Sure, the Queen Victoria Market is impressive, but this smaller foodie oasis in Melbourne’s hip Prahran shopping district was actually established 14 years earlier and is Melbourne’s oldest produce market. The building, however, is from the 1920s, since the original structure was destroyed by a fire. Here, clients will find some of the finest produce and proteins that Victoria has to offer, a few gourmet coffee shops that will change the way they think about their coffee beans and family-owned delicatessens with imaginative savories and sweets to sample. Two of the must-see stalls include M.J. Mow Potatoes, where fourth-generation proprietor Michael Mow can tell you the best way to cook any and every potato, and Damian Pike, whose selection of mushrooms is the most varied funghi assemblage you’ll ever see.
It has been a long day so far, and it’s likely getting on towards the magic hour…making it the perfect time to check out Melbourne’s latest high-rise viewing deck located on the 88th floor of the crystalline Eureka Tower, the highest public vantage point in the Southern Hemisphere. Clients can ride out over the surrounding buildings in an all-glass chamber that moves out from the side of the building (complete with silly sound effects of creaks and breaking glass). At the top, even the faint of heart should be able to enjoy the breathtaking views of the city and Port Phillip Bay in the distance at sunset from the fenced-in outdoor deck.
Dinner at Cutler & Co.
Born and bred in Melbourne, chef Andrew McConnell made a name for himself at his other Melbourne restaurant, Cumulus, which is still a bona fide gastronomic temple on Flinders Lane, right in the heart of the city.

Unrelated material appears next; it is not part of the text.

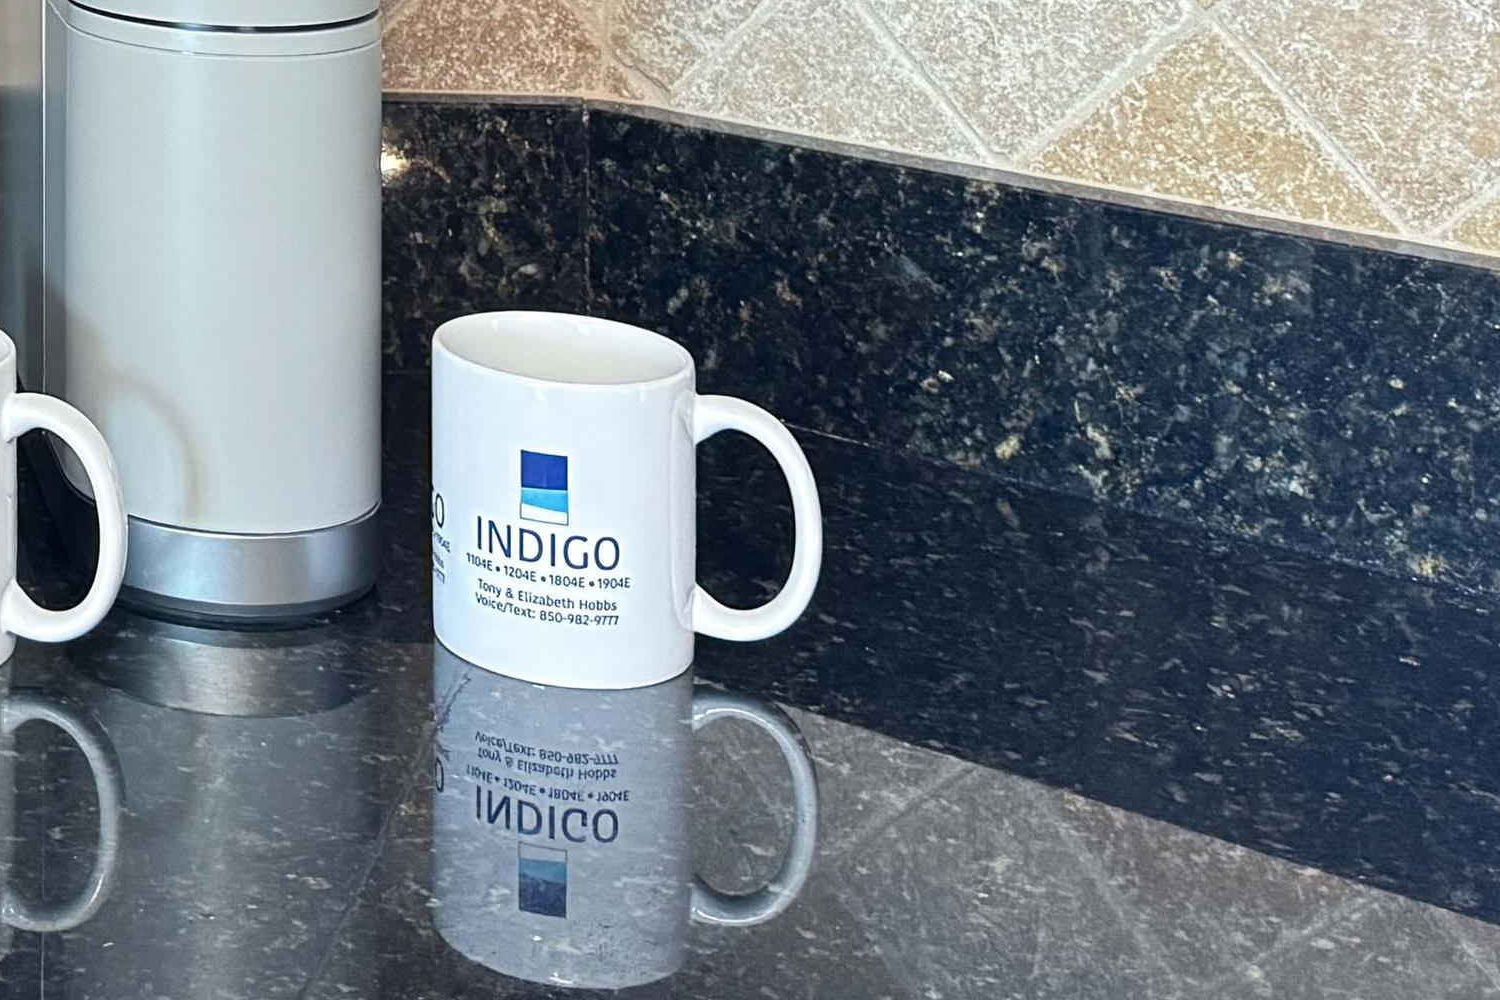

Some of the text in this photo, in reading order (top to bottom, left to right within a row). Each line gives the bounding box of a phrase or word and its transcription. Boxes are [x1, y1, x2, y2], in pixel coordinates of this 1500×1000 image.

For his encore, he has decided to tone it down and take it to funky Gertrude Street in Melbourne’s more bohemian Fitzroy neighborhood — a land of vintage furniture stores, young designers’ boutiques and live music venues. The menu and decor may be pared down (think exposed brick walls, bare bulbs, no tablecloths), but the menu is still a tour de force of Australian flavors prepared with a sophisticated flair. Dishes like seared scallops with parsley root, nettles and fresh horseradish; spanner crab, abalone and sweet corn soup; pan-roasted John Dory with prawns, Jerusalem artichoke and slippery jack mushrooms; and slow-roasted quail with Brussels sprouts, chestnuts and quince leave no doubt that McConnell’s reputation will soon reach far beyond his native city.